[Saved entries]
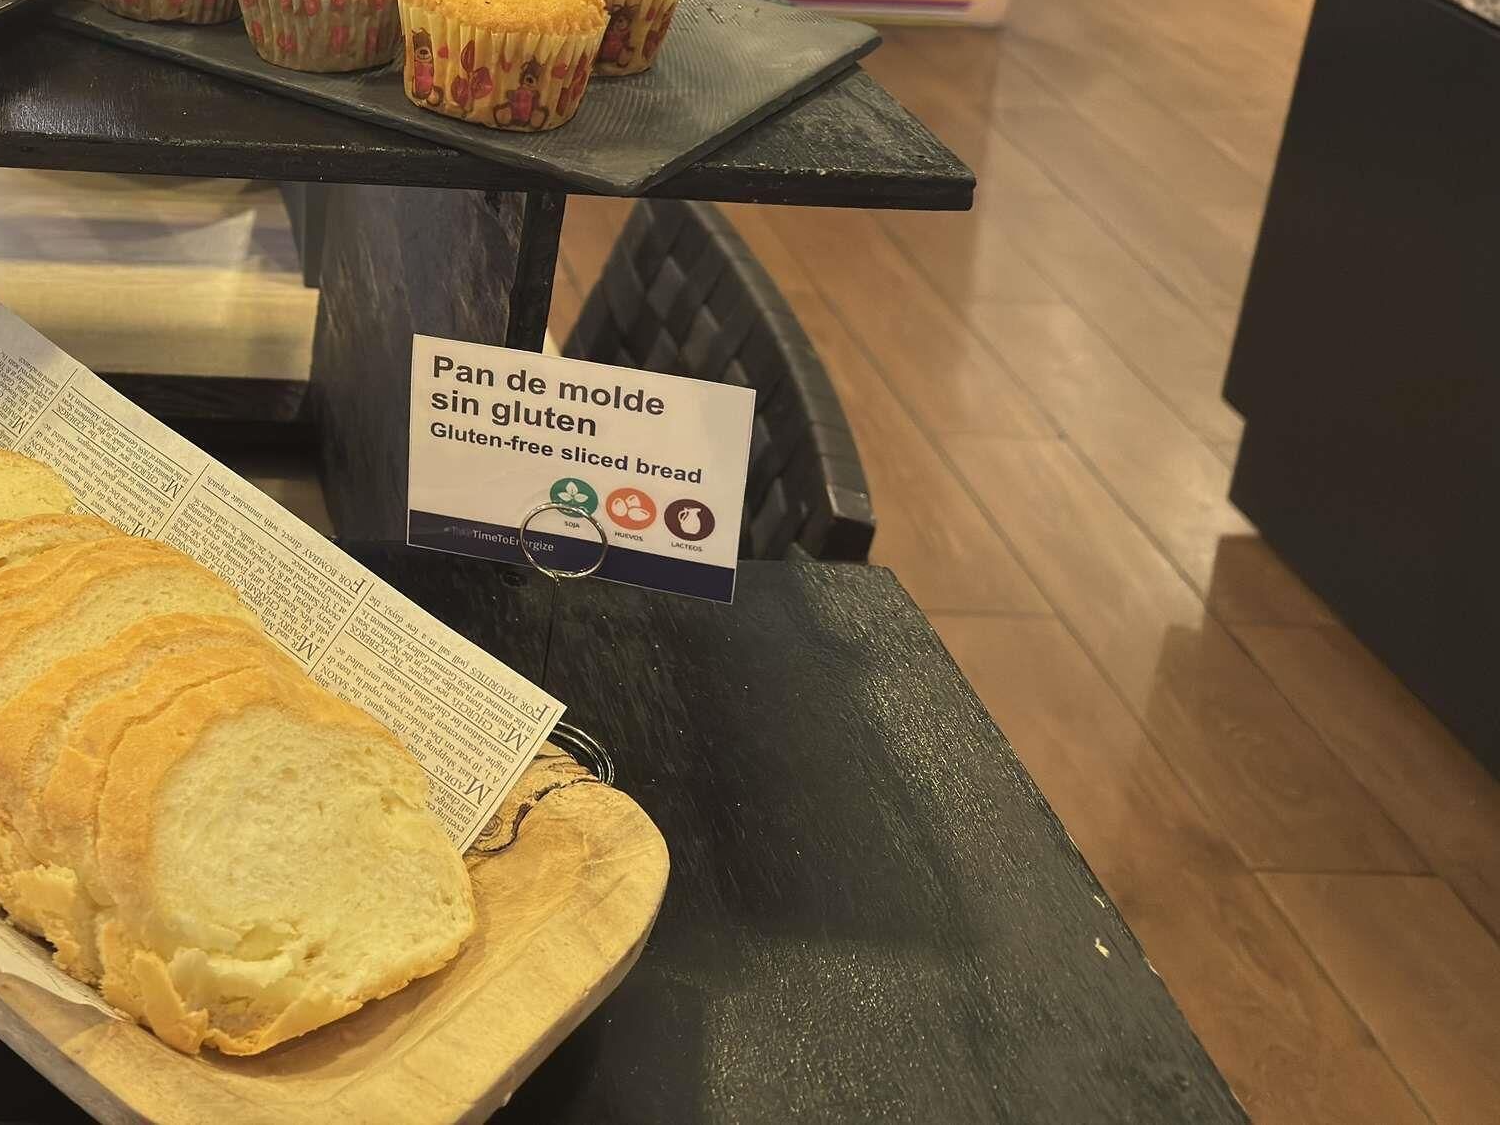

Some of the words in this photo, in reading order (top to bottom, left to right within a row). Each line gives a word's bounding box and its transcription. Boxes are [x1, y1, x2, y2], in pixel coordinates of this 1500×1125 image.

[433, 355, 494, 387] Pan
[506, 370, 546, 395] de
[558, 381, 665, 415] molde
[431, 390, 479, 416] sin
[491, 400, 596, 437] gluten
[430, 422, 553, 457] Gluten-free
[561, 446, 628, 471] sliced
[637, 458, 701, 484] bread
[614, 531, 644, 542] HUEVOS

-- ACTIVITY --
Please copy the records above word for word, leaving out every picture.

-- EXERCISE ANSWER --
Some of the words in this photo, in reading order (top to bottom, left to right within a row). Each line gives a word's bounding box and its transcription. Boxes are [x1, y1, x2, y2], in pixel coordinates of this 1500×1125 image.

[433, 355, 494, 387] Pan
[506, 370, 546, 395] de
[558, 381, 665, 415] molde
[431, 390, 479, 416] sin
[491, 400, 596, 437] gluten
[430, 422, 553, 457] Gluten-free
[561, 446, 628, 471] sliced
[637, 458, 701, 484] bread
[614, 531, 644, 542] HUEVOS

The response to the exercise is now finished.